■ **How to complete this task**
Every record below should be printed exactly, except for the pictures.

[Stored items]
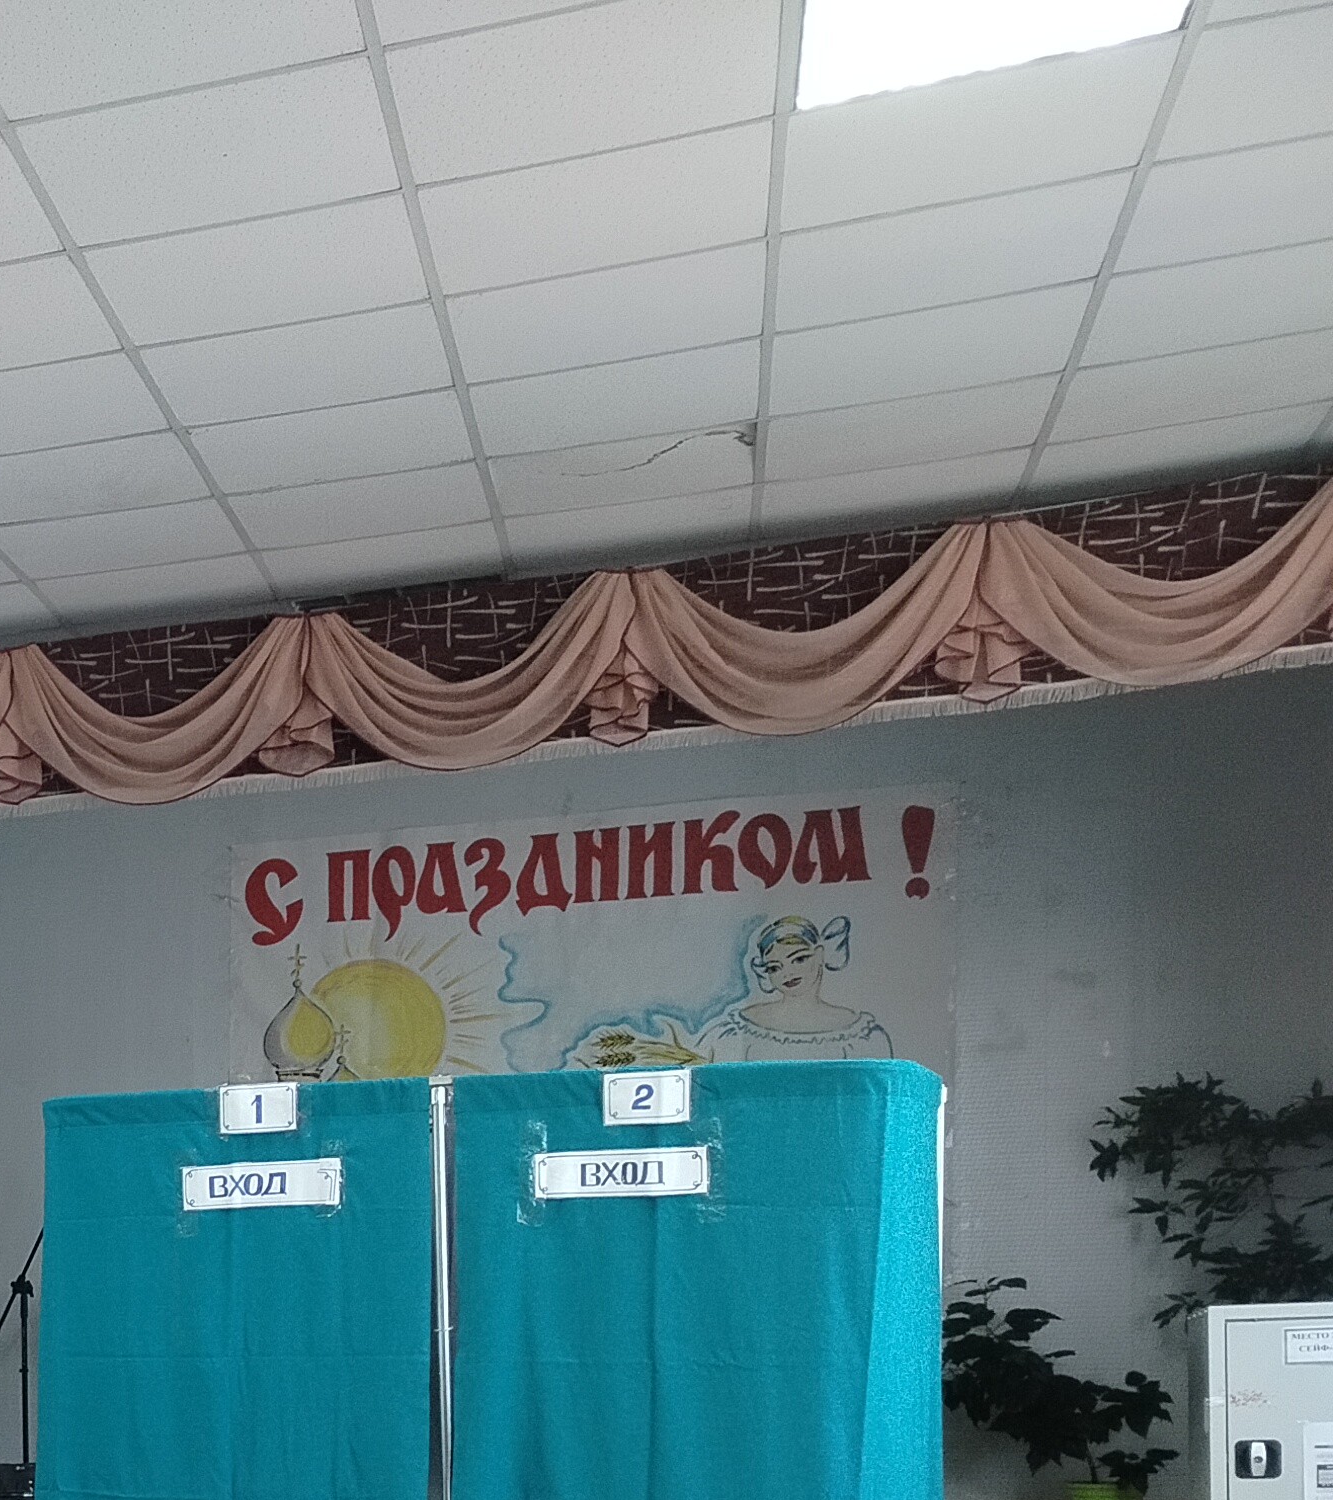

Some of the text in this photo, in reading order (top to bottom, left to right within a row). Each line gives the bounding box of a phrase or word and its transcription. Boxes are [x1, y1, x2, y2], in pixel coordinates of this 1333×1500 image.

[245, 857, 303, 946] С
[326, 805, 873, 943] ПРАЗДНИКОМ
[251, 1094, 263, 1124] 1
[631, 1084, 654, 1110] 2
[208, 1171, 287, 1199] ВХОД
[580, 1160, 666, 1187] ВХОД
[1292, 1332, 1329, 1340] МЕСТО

■ **Exercise result**
Some of the text in this photo, in reading order (top to bottom, left to right within a row). Each line gives the bounding box of a phrase or word and its transcription. Boxes are [x1, y1, x2, y2], in pixel coordinates of this 1333×1500 image.

[245, 857, 303, 946] С
[326, 805, 873, 943] ПРАЗДНИКОМ
[251, 1094, 263, 1124] 1
[631, 1084, 654, 1110] 2
[208, 1171, 287, 1199] ВХОД
[580, 1160, 666, 1187] ВХОД
[1292, 1332, 1329, 1340] МЕСТО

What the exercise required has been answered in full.